Au moment où Prétorien parut avec ses compagnons, il venait d’approcher de son oreille une petite corne d’ivoire qu’il réussit à y maintenir au moyen d’une contraction particulière. La corne d’ivoire passait à Sans-Pair pour le symbole de la suprême élégance ; elle avait renchéri sur le lorgnon. Après avoir trouvé du bon ton d’être myope, on avait trouvé de meilleur ton d’être sourd. C’était une preuve d’inutilité de plus.

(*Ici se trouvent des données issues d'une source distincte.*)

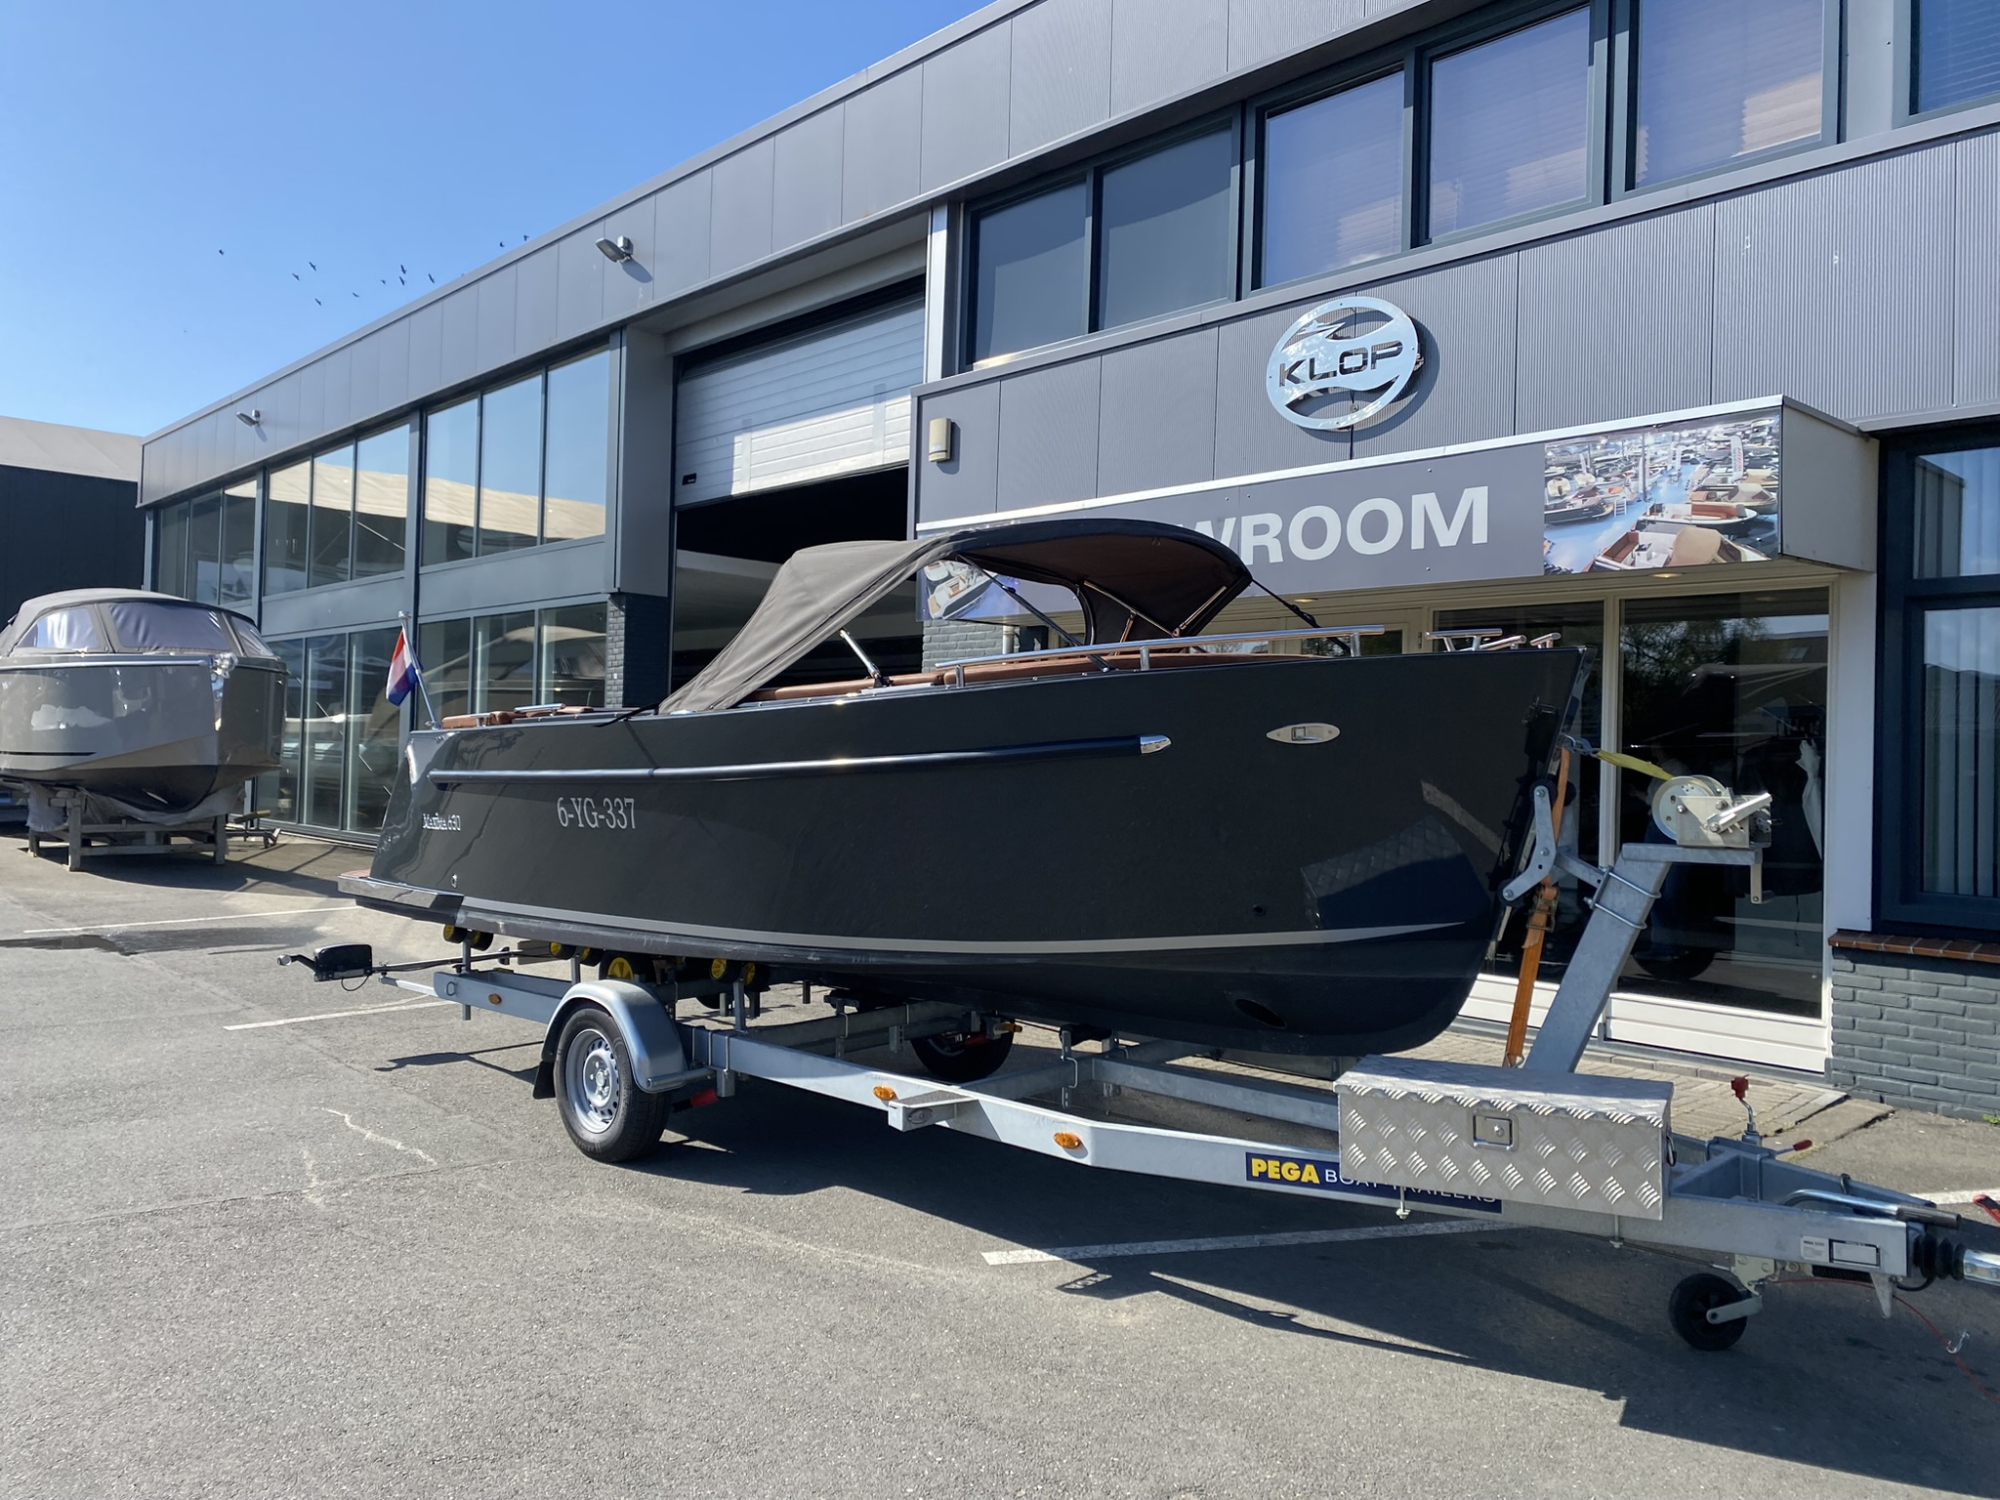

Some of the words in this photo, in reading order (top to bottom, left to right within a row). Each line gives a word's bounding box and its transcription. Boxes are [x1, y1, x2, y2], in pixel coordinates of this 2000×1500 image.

[1279, 340, 1403, 388] KLOP
[556, 796, 637, 830] 6-YG-337
[1251, 1157, 1320, 1185] PEGA

Milord Cant avait, en outre, laissé croître ses ongles, à l’exemple des Chinois, afin de constater son oisiveté. Il portait un vêtement de toile de chanvre, qui, vu la rareté de cette dernière production, était un objet de luxe, et, au lieu de diamants, devenus ridicules depuis qu’on les fabriquait comme du verre, des boutons de pierres à fusil, dont toutes les femmes admiraient la beauté.

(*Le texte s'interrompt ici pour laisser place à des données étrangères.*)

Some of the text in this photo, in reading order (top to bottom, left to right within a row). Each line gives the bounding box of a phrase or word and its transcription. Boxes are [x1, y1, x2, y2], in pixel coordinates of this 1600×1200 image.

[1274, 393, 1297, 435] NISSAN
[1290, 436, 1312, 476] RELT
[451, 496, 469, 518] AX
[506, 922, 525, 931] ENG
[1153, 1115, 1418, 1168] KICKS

Le journaliste et lui se saluèrent comme deux rois, dont l’un a conquis sa couronne et dont l’autre l’a reçue ; Prétorien avec une ironie voilée, milord Cant avec une légèreté un peu dédaigneuse.

Quant à madame Facile, elle parut ravie de voir Marthe et Maurice ; elle les fit asseoir près d’elle, voulut entendre leur histoire, et parut plus émerveillée du souhait qu’ils avaient formé que de le voir accompli.